### [What you have to do]
Where the line containing "Some of the text" appears in the records below, begin there and repeat each line exactly through the final one, dropping all pictures.
====== Data provided ======
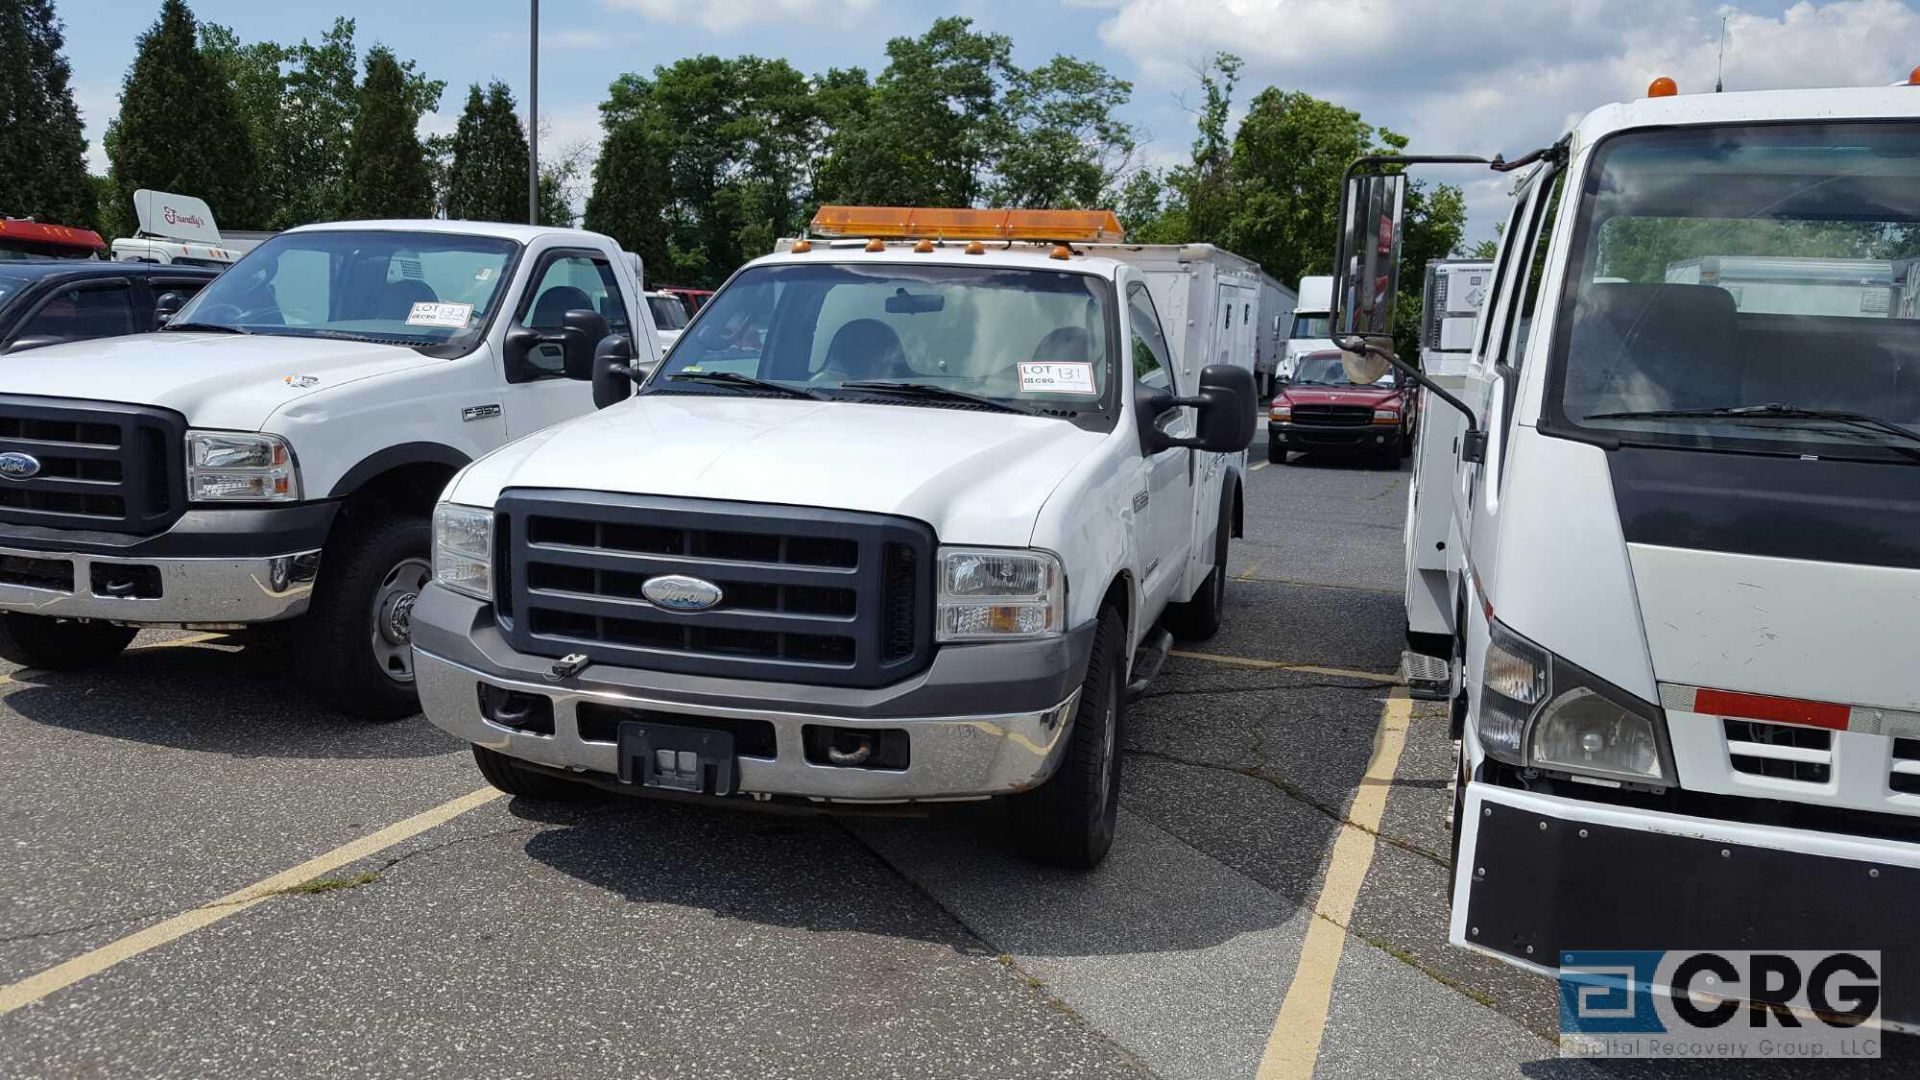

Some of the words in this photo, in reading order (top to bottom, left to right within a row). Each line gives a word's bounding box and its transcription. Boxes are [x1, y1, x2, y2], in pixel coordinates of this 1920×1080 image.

[415, 304, 438, 312] LOT
[440, 307, 465, 318] 132
[1023, 365, 1052, 374] LOT
[1058, 367, 1080, 379] 131
[662, 582, 700, 603] Ford
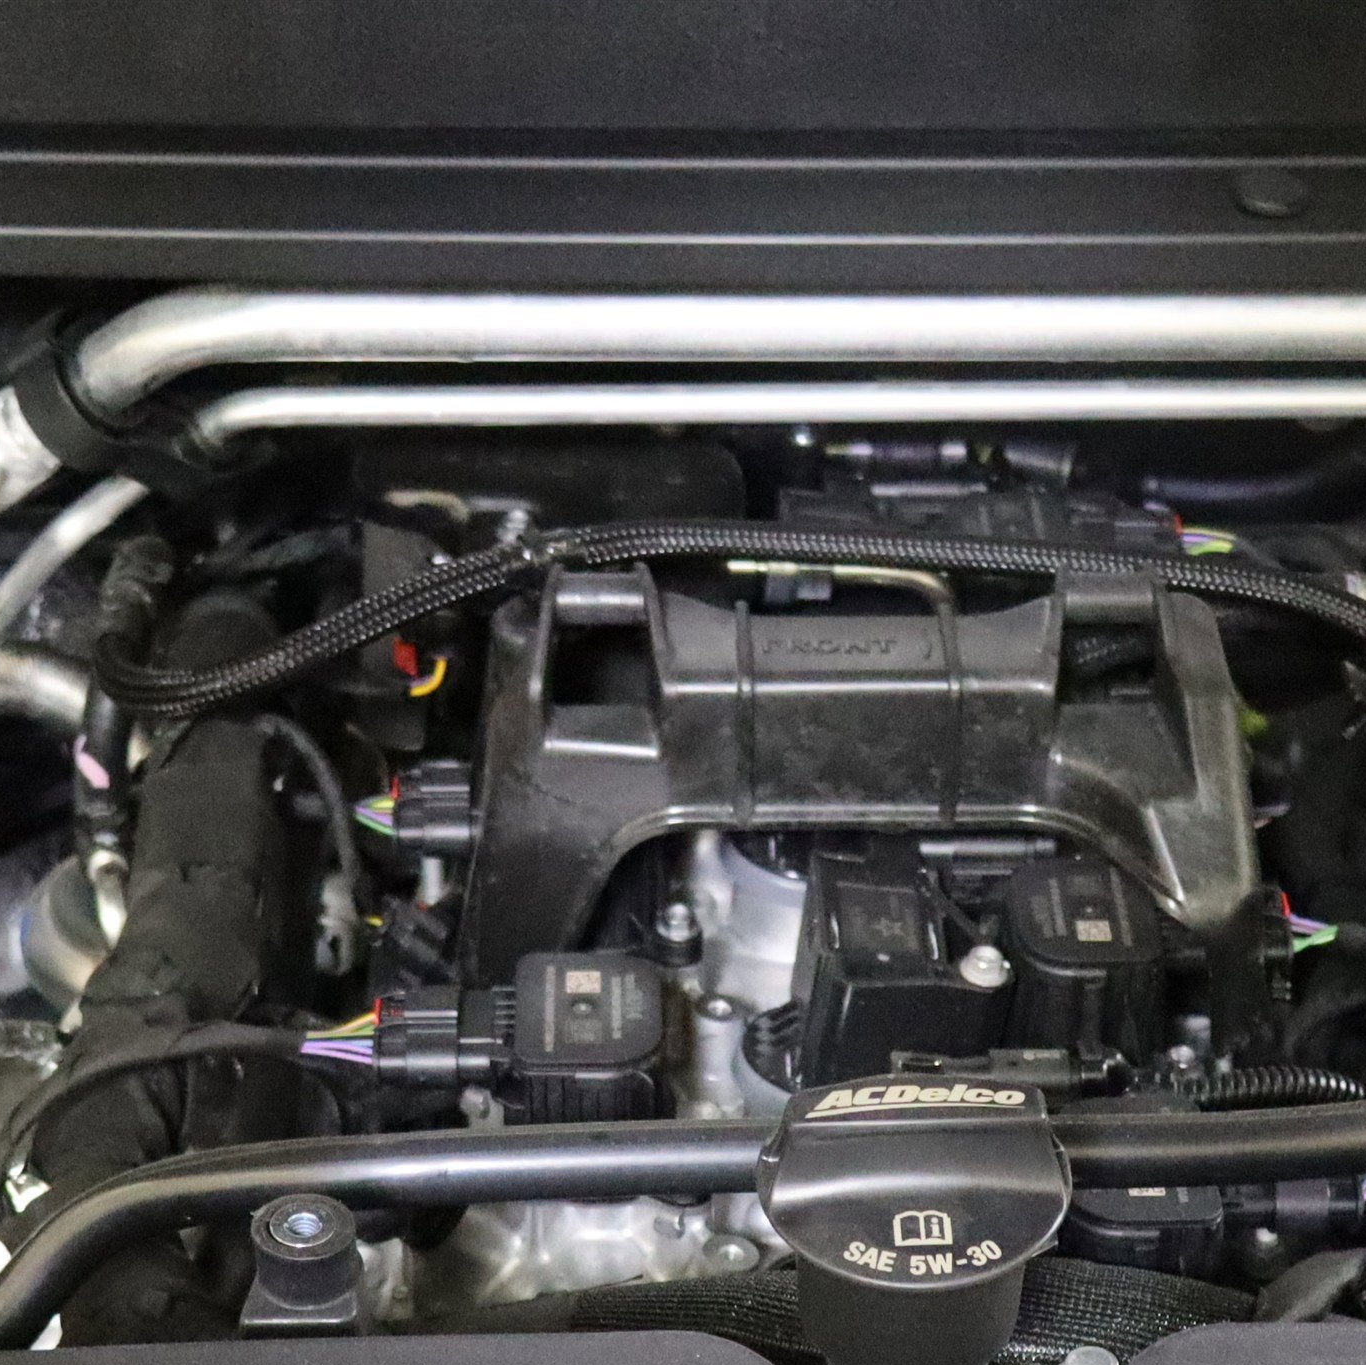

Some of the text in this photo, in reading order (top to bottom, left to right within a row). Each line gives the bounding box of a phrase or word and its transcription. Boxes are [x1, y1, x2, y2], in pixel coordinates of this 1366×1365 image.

[761, 637, 898, 656] FRONT
[809, 1084, 1026, 1114] ACDelco
[843, 1240, 1003, 1276] SAE 5W-30
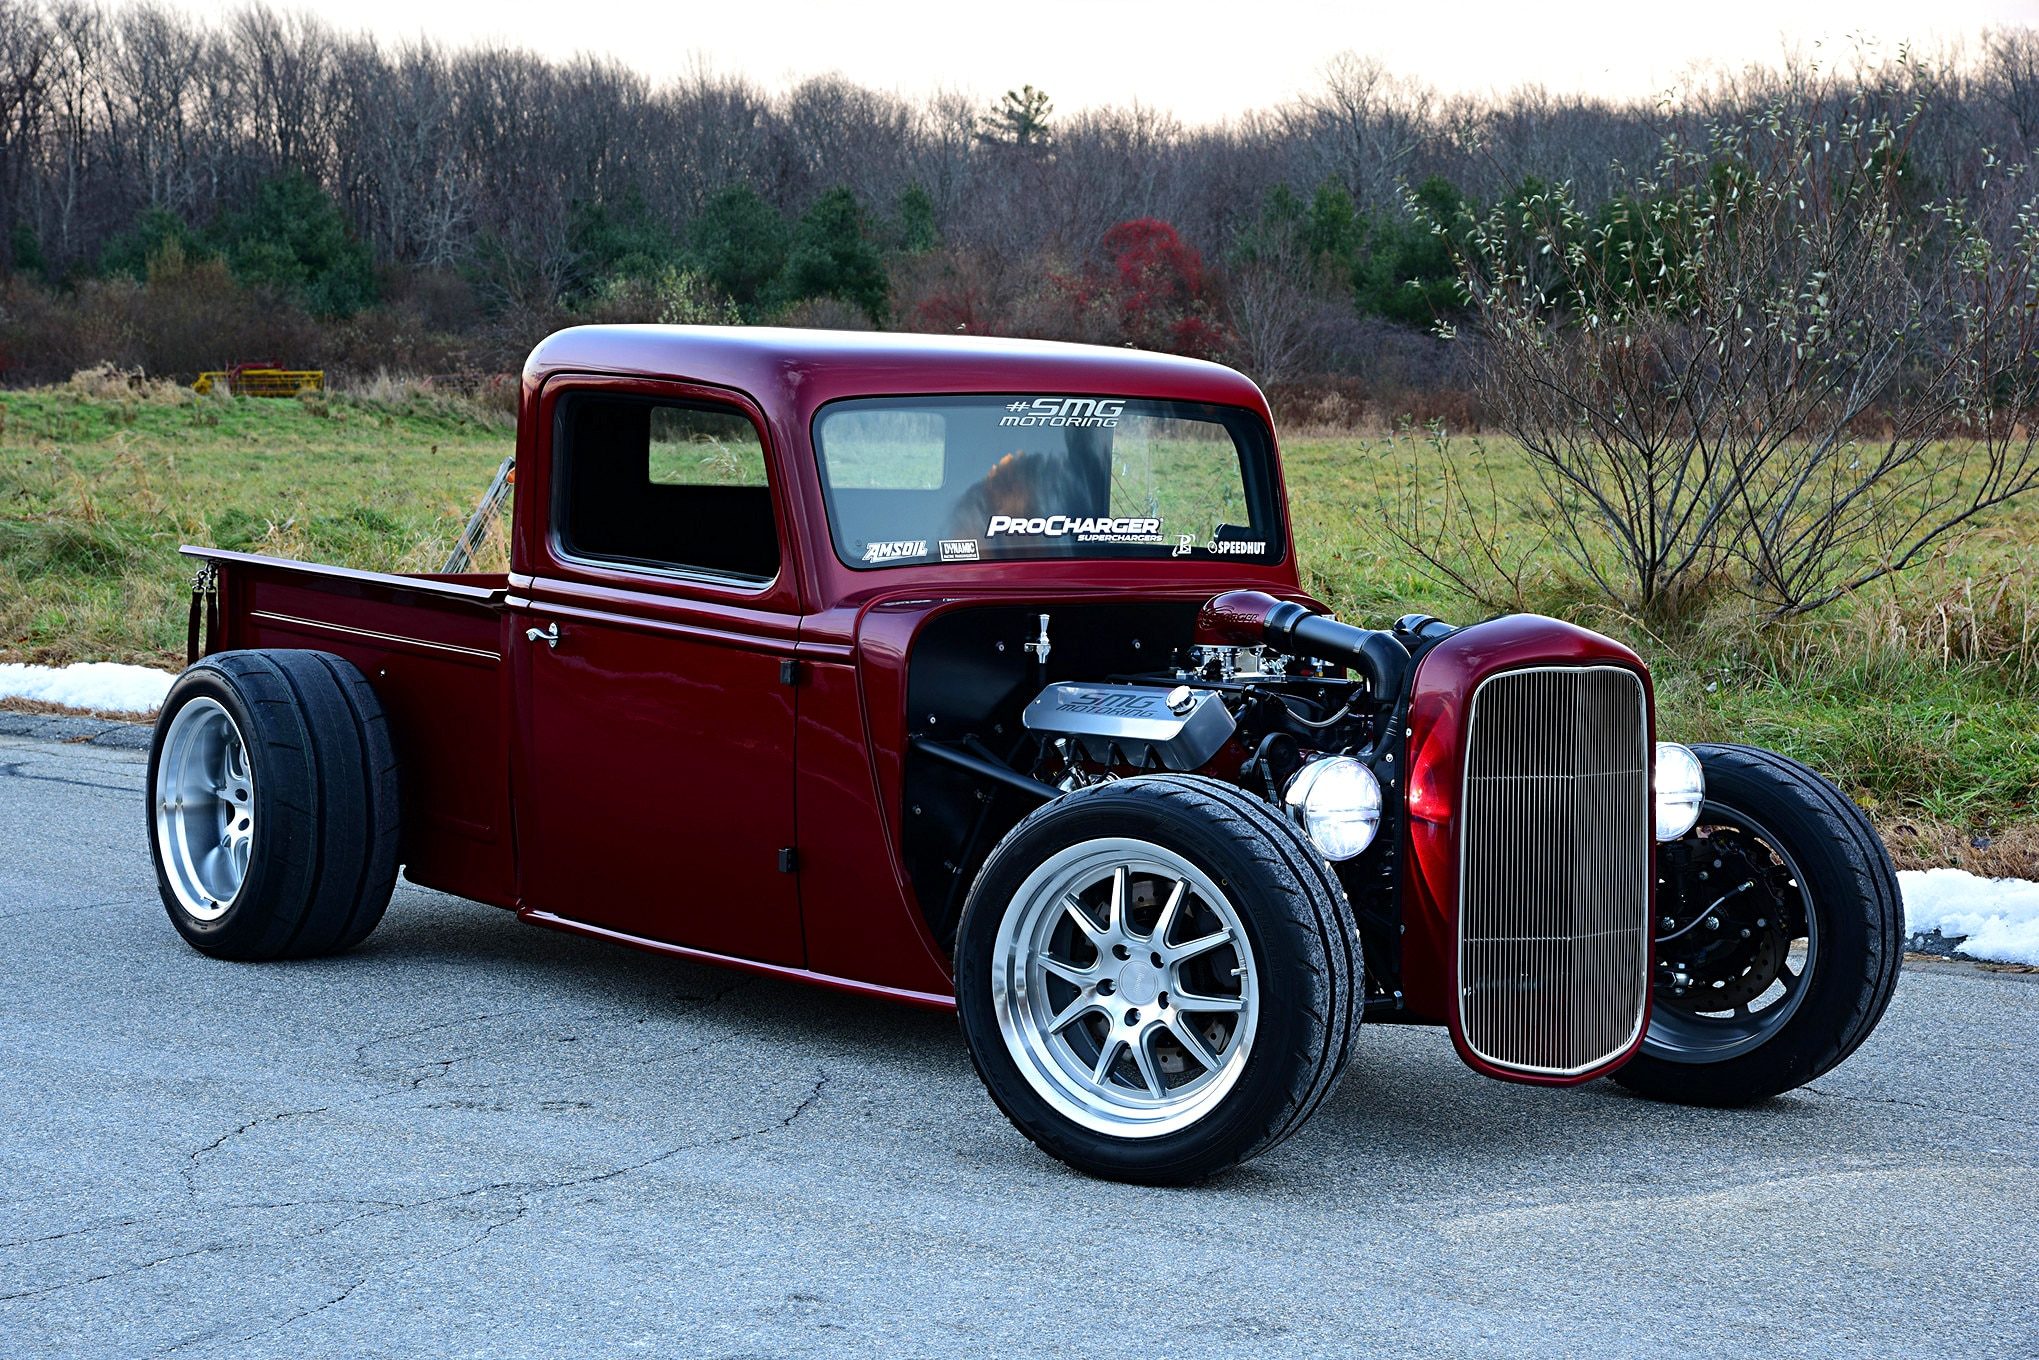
======
### [Exercise answer]
Some of the text in this photo, in reading order (top to bottom, left to right within a row). Each line gives the bounding box of a phrase or word and its transcription. Boxes are [x1, y1, x2, y2], in pixel coordinates of this 1366×1365 image.

[761, 637, 898, 656] FRONT
[809, 1084, 1026, 1114] ACDelco
[843, 1240, 1003, 1276] SAE 5W-30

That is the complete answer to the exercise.